Caribbean Commonwealth high commissioners have called for the UK government to resolve the issue of  elderly Caribbean-born undocumented residents, including Jamaicans at risk of  being deported by the Home Office.

Many of  the Caribbean-born individuals whose undocumented status has now been called into question, arrived in the UK as children under their parent's passports at a time when their island was still a British colony.

These now elderly Caribbean-born individuals have no formal identity documentation as they assumed they were automatically British citizens.

 Although the British Nationality Act 1948 granted British citizenship to individuals from Commonwealth countries, the introduction of  the 1971 Immigration Act restricted free movement of  Commonwealth citizens, although it did grant indefinite leave to remain for those who arrived before that year.

According to the Migration Observatory of  the University of  Oxford, up to 50,000 Commonwealth-born residents who arrived in the UK pre-1971 have not had their residency status made permanent.

Since 2012, the Home Office enforced systematic immigration checks on those intending to open bank accounts, applying for a driving licence, and accessing medical care.

The demand of  burden of  proof has meant that undocumented Commonwealth-born UK residents, the majority of  whom are from the Caribbean, have had to produce documentation that predates 1971 to prove their residency.

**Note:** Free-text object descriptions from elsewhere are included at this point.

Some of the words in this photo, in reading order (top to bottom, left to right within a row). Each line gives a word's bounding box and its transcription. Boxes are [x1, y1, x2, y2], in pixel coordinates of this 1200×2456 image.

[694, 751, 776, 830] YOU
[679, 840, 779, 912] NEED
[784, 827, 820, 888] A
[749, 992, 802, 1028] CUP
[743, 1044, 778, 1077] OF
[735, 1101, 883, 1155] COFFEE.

Numerous cases pointing to the harsh treatment of  undocumented residents by the Home Office have emerged over the past few months.

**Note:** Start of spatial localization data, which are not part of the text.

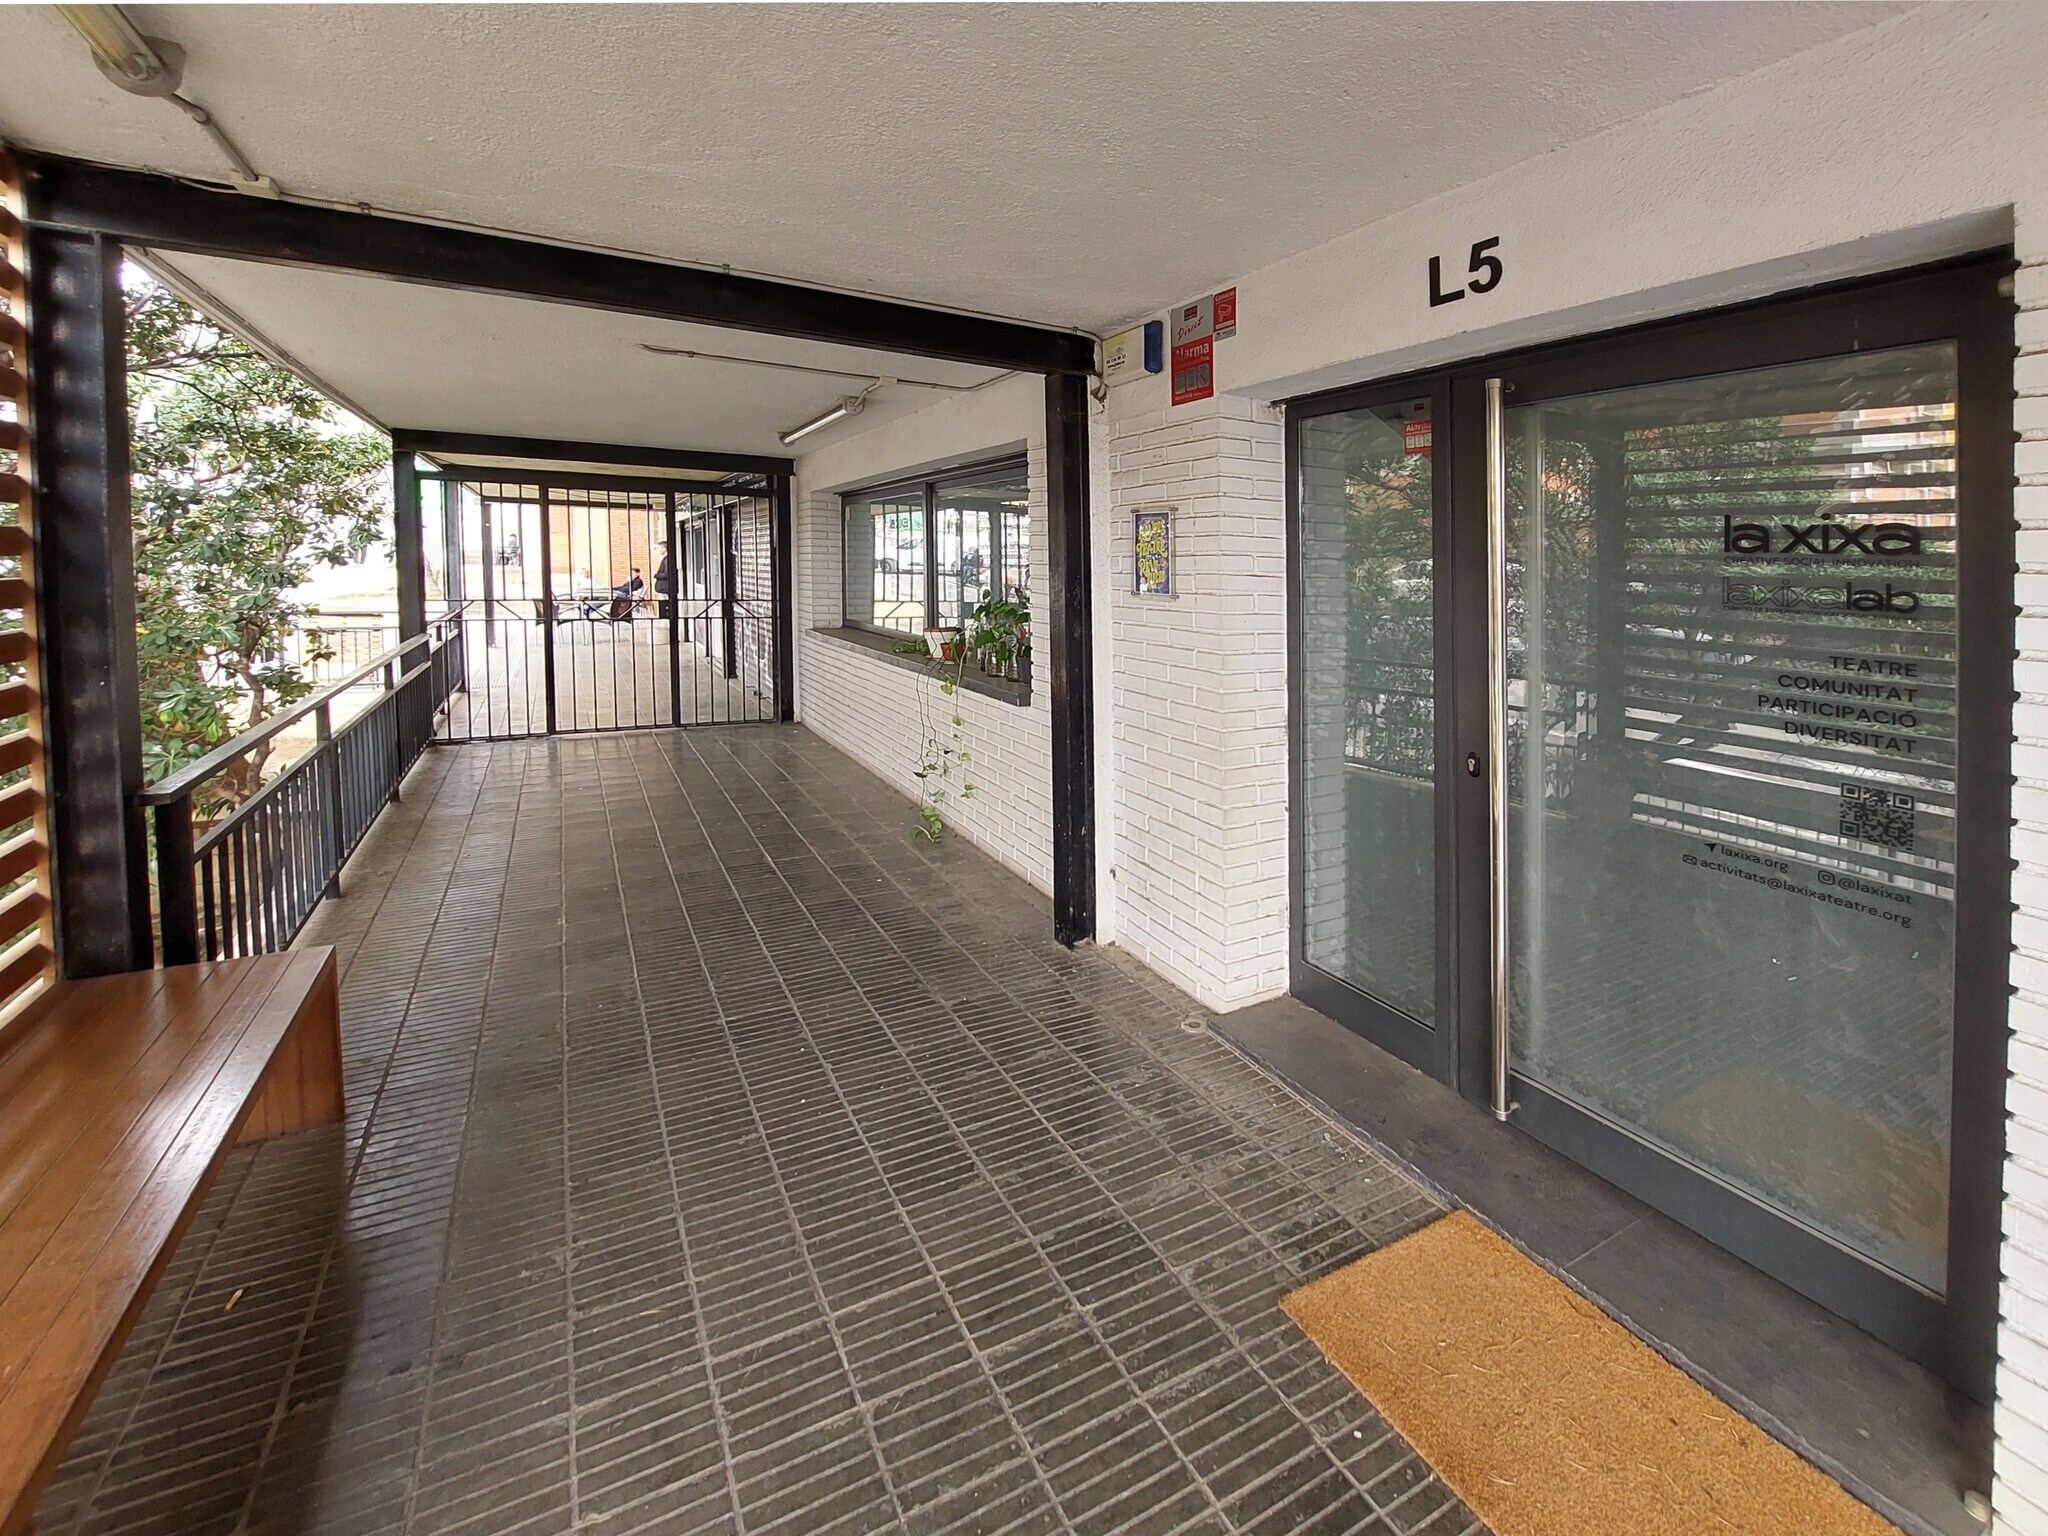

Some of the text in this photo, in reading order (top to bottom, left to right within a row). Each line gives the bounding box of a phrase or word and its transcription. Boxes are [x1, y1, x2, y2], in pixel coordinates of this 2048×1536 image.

[1429, 235, 1503, 307] L5
[1175, 343, 1210, 362] Alarma
[1780, 512, 1921, 556] xixa
[1723, 556, 1920, 568] CREATIVE SOCIAL INNOVATION
[1829, 655, 1918, 678] TEATRE
[1778, 674, 1918, 703] COMUNITAT
[1758, 694, 1917, 728] PARTICIPACIÓ
[1784, 721, 1917, 754] DIVERSITAT
[1721, 844, 1789, 874] laxixa.org
[1700, 859, 1913, 929] activitats@laxixateatre.org
[1838, 876, 1913, 906] @laxixat

Paulette Wilson, a grandmother who lived and worked in the UK for 51 years, was detained in Yarl's Wood Immigration Centre and threatened with deportation to Jamaica, a country she had not visited since the age of 10, after she was told she was illegal.

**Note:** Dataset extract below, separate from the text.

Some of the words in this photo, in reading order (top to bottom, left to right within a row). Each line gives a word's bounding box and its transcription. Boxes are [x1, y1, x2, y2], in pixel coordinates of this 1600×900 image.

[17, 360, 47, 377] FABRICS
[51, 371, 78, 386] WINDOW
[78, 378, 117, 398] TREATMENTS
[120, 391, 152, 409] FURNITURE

Wilson is one of  many individuals deemed illegal by the Home Office, resulting in the denial of  their right to work, their access to bank accounts and medical care, subsequently being forced to report to detention centres with threats of  deportation.

 

Meanwhile, a 63 year old Jamaican man who has lived in London for 44 years has been told he must pay 54 thousand pounds up front for life-saving therapy on the National Health Service (NHS).

Albert Thompson who has worked in the UK for three decades and paid his taxes has been denied healthcare as the Home Office can find no record on him.

In an interview with the Daily Mail newspaper, Thompson said he lost the passport he arrived in the UK with several years ago.

Without a British passport — which he has never had and cannot now get because there is no documentary proof of  his arrival in the UK as a teenager in 1973 — landlords will not house him, and the NHS has told him that it will not give him further treatment.